## What this task involves:
Each image should be skipped while the records are restated word for word.

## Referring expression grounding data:
►

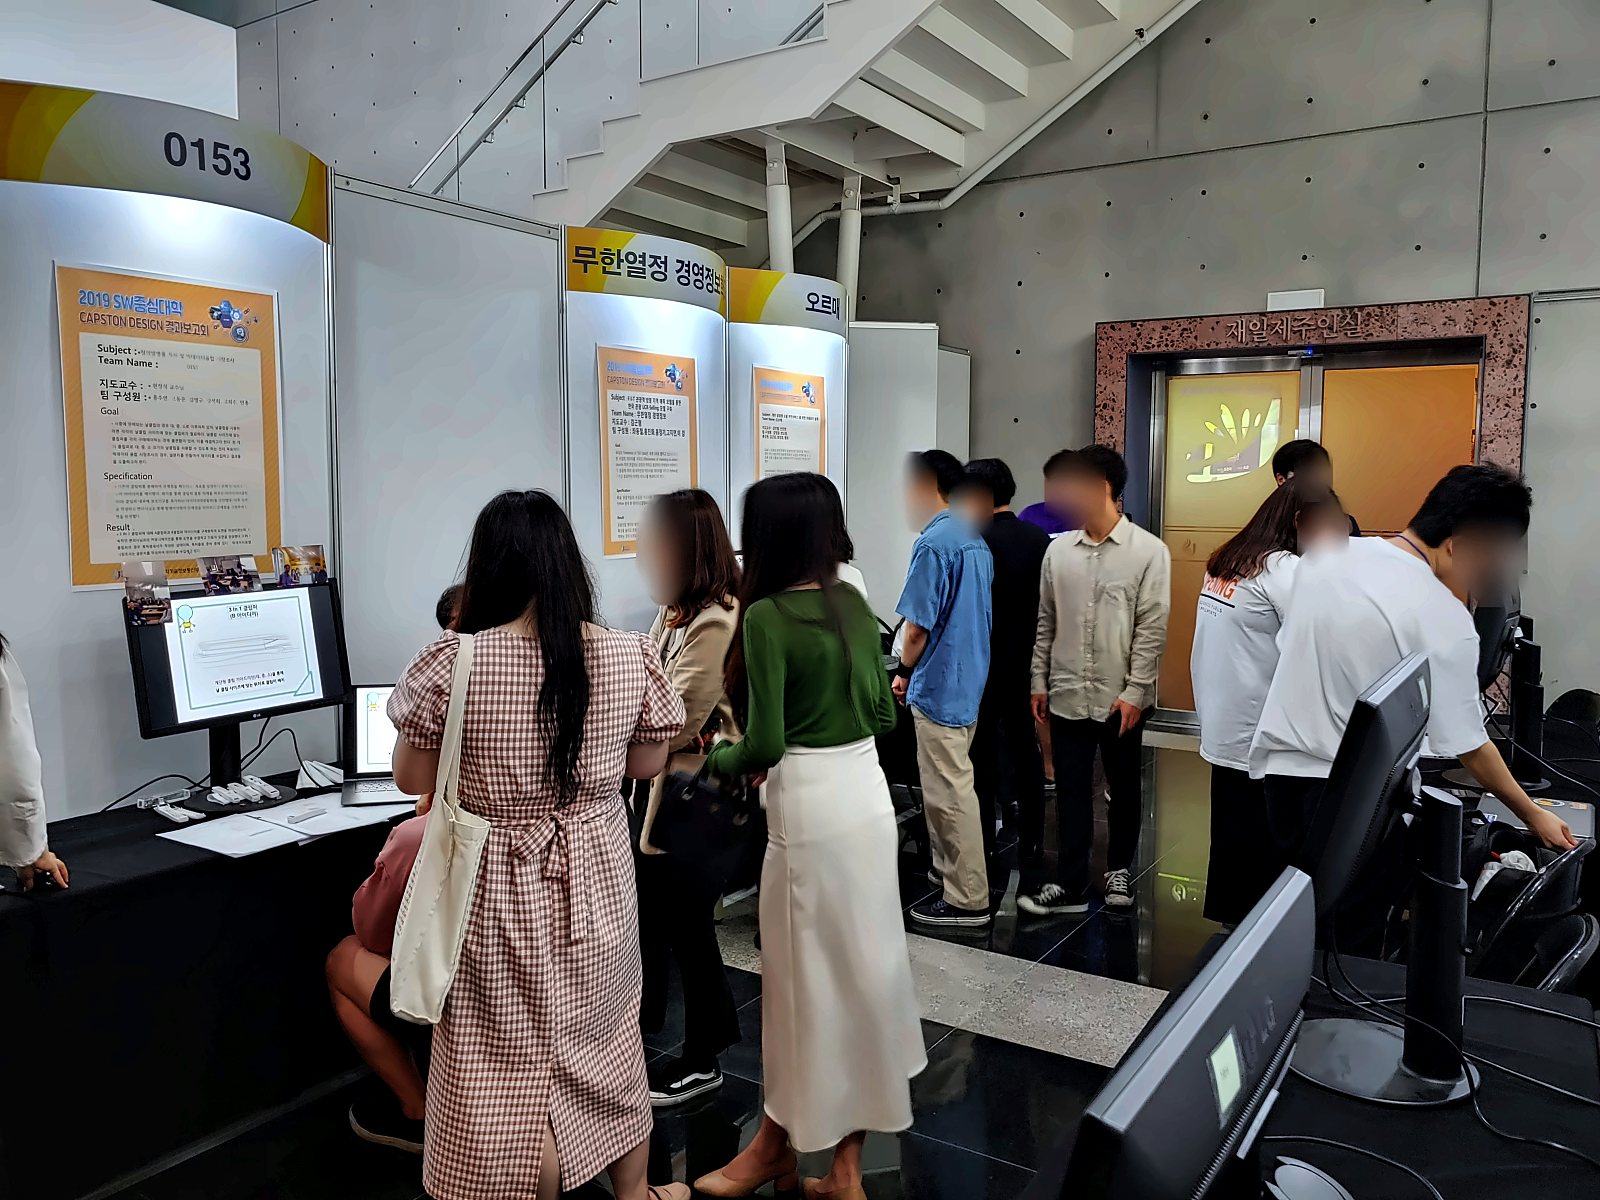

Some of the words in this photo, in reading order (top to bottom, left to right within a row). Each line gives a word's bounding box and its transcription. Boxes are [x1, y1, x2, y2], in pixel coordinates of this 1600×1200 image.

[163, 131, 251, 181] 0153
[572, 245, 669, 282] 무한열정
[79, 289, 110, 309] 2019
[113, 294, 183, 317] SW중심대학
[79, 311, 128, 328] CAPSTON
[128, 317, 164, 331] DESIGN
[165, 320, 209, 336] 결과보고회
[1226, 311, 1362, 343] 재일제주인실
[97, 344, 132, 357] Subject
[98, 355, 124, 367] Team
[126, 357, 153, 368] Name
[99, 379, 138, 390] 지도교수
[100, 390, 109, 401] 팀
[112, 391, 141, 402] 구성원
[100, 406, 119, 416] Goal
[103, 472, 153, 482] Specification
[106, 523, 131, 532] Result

◄

## Solution to this task:
Some of the words in this photo, in reading order (top to bottom, left to right within a row). Each line gives a word's bounding box and its transcription. Boxes are [x1, y1, x2, y2], in pixel coordinates of this 1600×1200 image.

[163, 131, 251, 181] 0153
[572, 245, 669, 282] 무한열정
[79, 289, 110, 309] 2019
[113, 294, 183, 317] SW중심대학
[79, 311, 128, 328] CAPSTON
[128, 317, 164, 331] DESIGN
[165, 320, 209, 336] 결과보고회
[1226, 311, 1362, 343] 재일제주인실
[97, 344, 132, 357] Subject
[98, 355, 124, 367] Team
[126, 357, 153, 368] Name
[99, 379, 138, 390] 지도교수
[100, 390, 109, 401] 팀
[112, 391, 141, 402] 구성원
[100, 406, 119, 416] Goal
[103, 472, 153, 482] Specification
[106, 523, 131, 532] Result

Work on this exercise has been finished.